(Dataset entries)
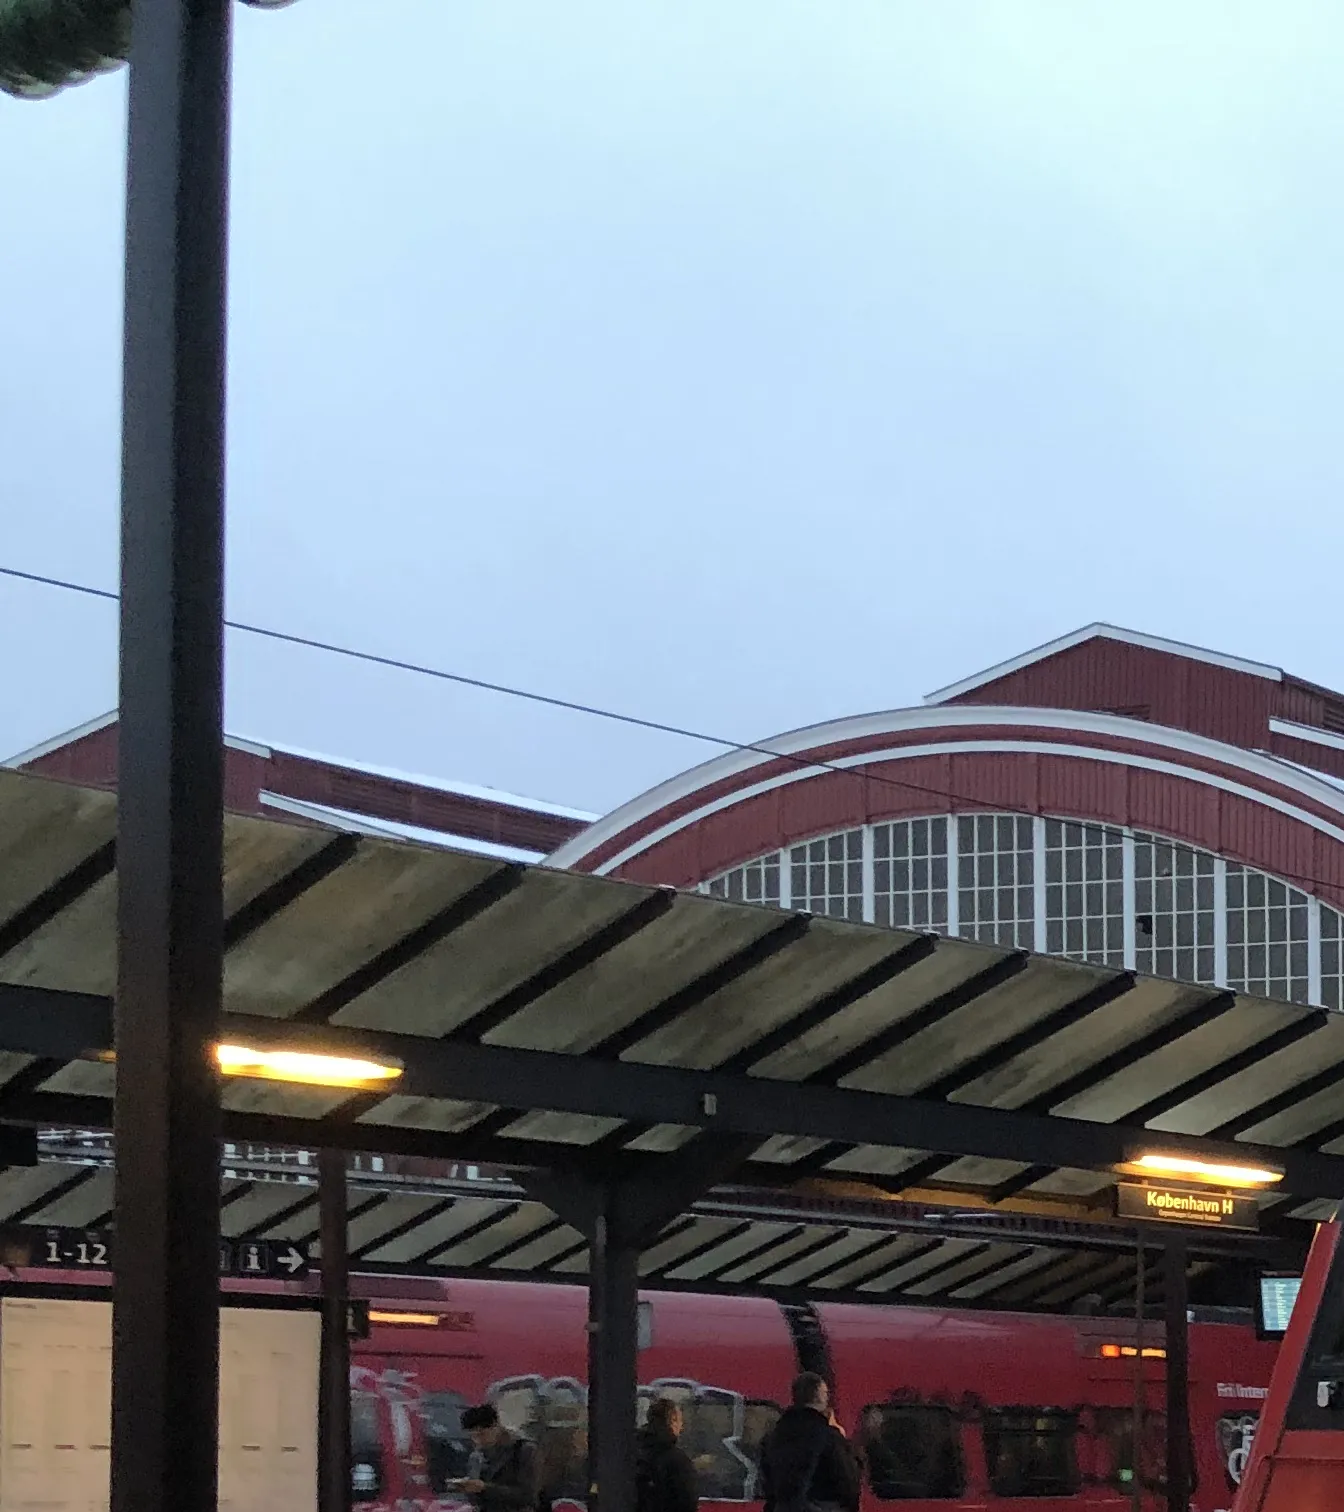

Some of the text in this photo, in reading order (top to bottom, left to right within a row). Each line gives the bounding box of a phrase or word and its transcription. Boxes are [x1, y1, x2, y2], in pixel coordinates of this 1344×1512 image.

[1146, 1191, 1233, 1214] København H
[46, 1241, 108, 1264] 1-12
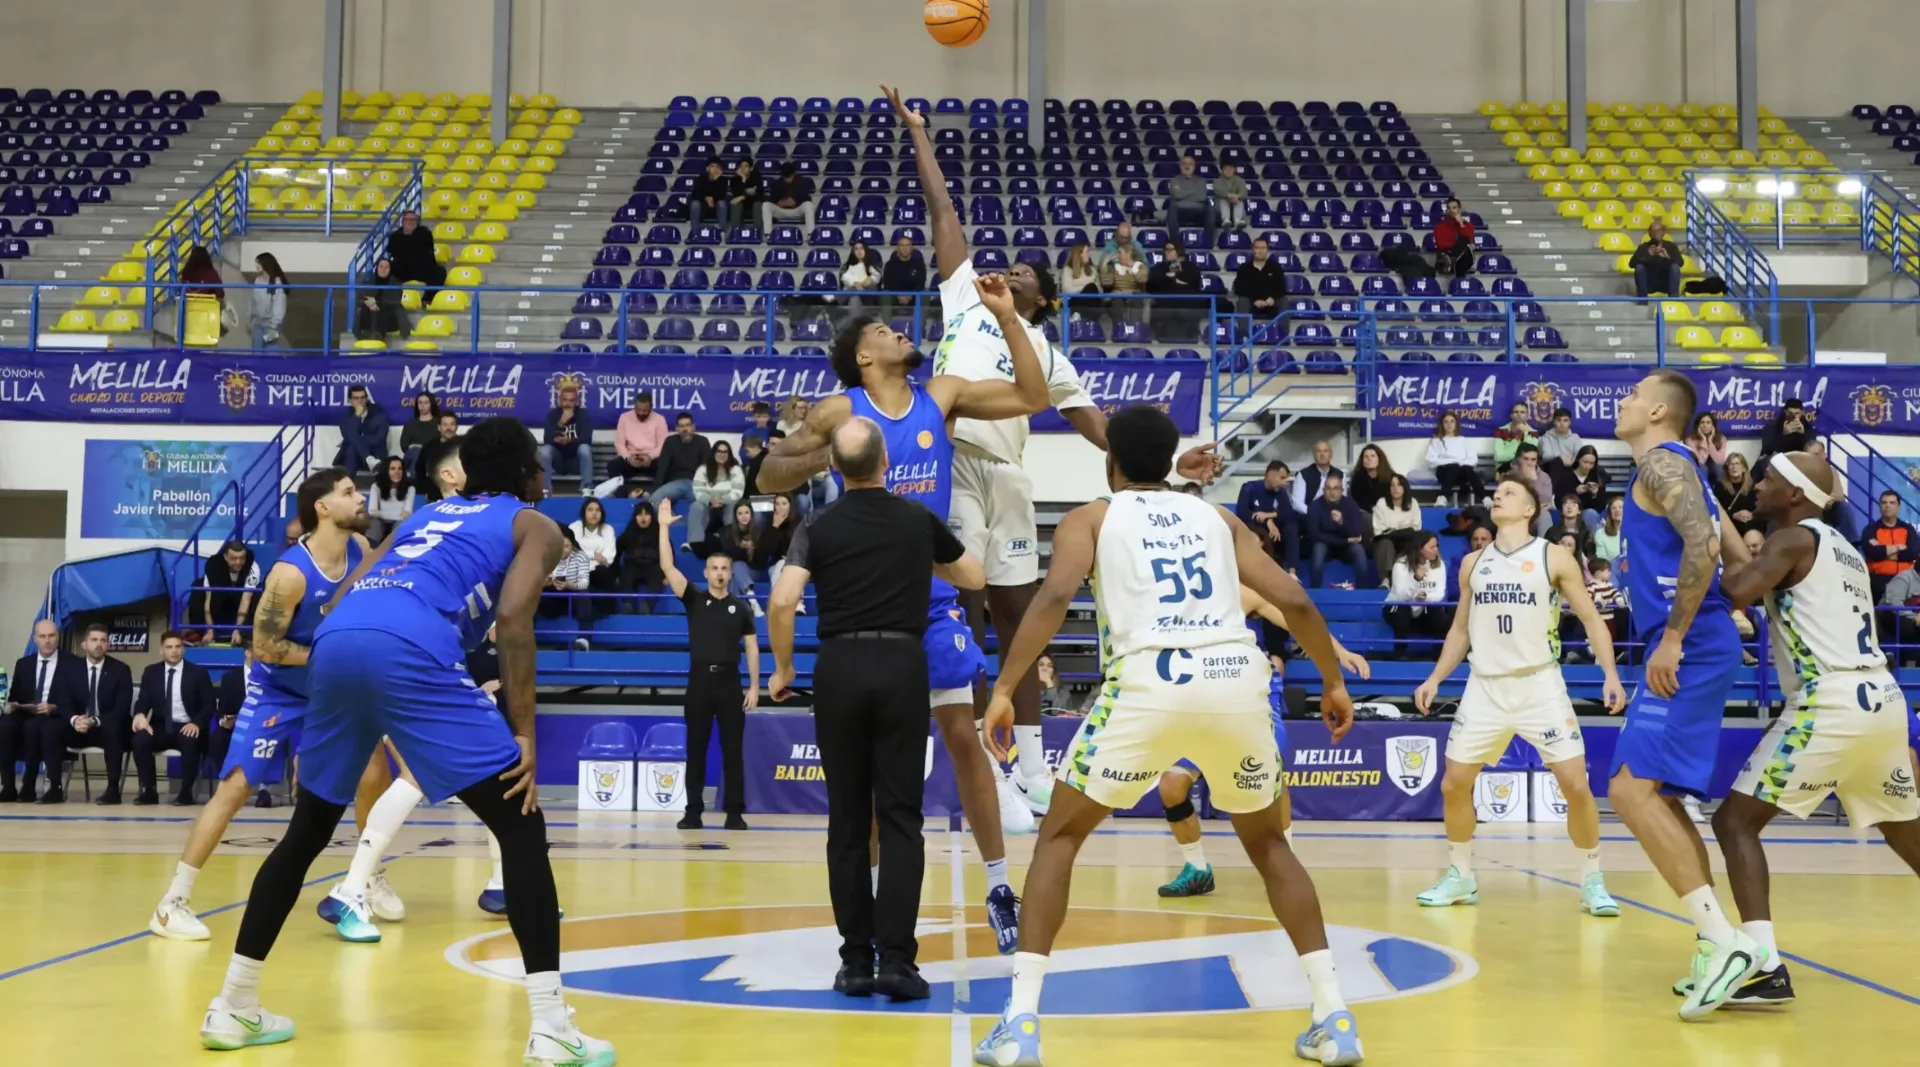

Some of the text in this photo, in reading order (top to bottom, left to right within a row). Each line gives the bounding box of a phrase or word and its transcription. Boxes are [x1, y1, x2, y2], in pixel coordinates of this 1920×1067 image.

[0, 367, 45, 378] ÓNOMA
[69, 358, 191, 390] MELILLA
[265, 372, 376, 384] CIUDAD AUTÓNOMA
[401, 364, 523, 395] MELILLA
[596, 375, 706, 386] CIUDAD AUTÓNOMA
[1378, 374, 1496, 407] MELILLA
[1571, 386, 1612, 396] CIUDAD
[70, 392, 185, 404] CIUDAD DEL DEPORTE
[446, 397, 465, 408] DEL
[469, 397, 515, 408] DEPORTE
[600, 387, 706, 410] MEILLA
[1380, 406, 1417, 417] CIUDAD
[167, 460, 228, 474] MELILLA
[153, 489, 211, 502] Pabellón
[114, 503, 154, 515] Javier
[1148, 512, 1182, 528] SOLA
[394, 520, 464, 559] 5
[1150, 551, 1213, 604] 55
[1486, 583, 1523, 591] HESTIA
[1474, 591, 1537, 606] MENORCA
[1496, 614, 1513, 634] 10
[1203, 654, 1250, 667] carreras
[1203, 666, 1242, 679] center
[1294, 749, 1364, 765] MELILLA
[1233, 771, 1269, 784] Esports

● **Your assignment**: Your copy of the entries must be exact and must contain no pictures.

● **Your response**:
Some of the text in this photo, in reading order (top to bottom, left to right within a row). Each line gives the bounding box of a phrase or word and its transcription. Boxes are [x1, y1, x2, y2], in pixel coordinates of this 1344×1512 image.

[1146, 1191, 1233, 1214] København H
[46, 1241, 108, 1264] 1-12

Some of the text in this photo, in reading order (top to bottom, left to right within a row). Each line gives the bounding box of a phrase or word and its transcription. Boxes are [x1, y1, x2, y2], in pixel coordinates of this 1920×1067 image.

[0, 367, 45, 378] ÓNOMA
[69, 358, 191, 390] MELILLA
[265, 372, 376, 384] CIUDAD AUTÓNOMA
[401, 364, 523, 395] MELILLA
[596, 375, 706, 386] CIUDAD AUTÓNOMA
[1378, 374, 1496, 407] MELILLA
[1571, 386, 1612, 396] CIUDAD
[70, 392, 185, 404] CIUDAD DEL DEPORTE
[446, 397, 465, 408] DEL
[469, 397, 515, 408] DEPORTE
[600, 387, 706, 410] MEILLA
[1380, 406, 1417, 417] CIUDAD
[167, 460, 228, 474] MELILLA
[153, 489, 211, 502] Pabellón
[114, 503, 154, 515] Javier
[1148, 512, 1182, 528] SOLA
[394, 520, 464, 559] 5
[1150, 551, 1213, 604] 55
[1486, 583, 1523, 591] HESTIA
[1474, 591, 1537, 606] MENORCA
[1496, 614, 1513, 634] 10
[1203, 654, 1250, 667] carreras
[1203, 666, 1242, 679] center
[1294, 749, 1364, 765] MELILLA
[1233, 771, 1269, 784] Esports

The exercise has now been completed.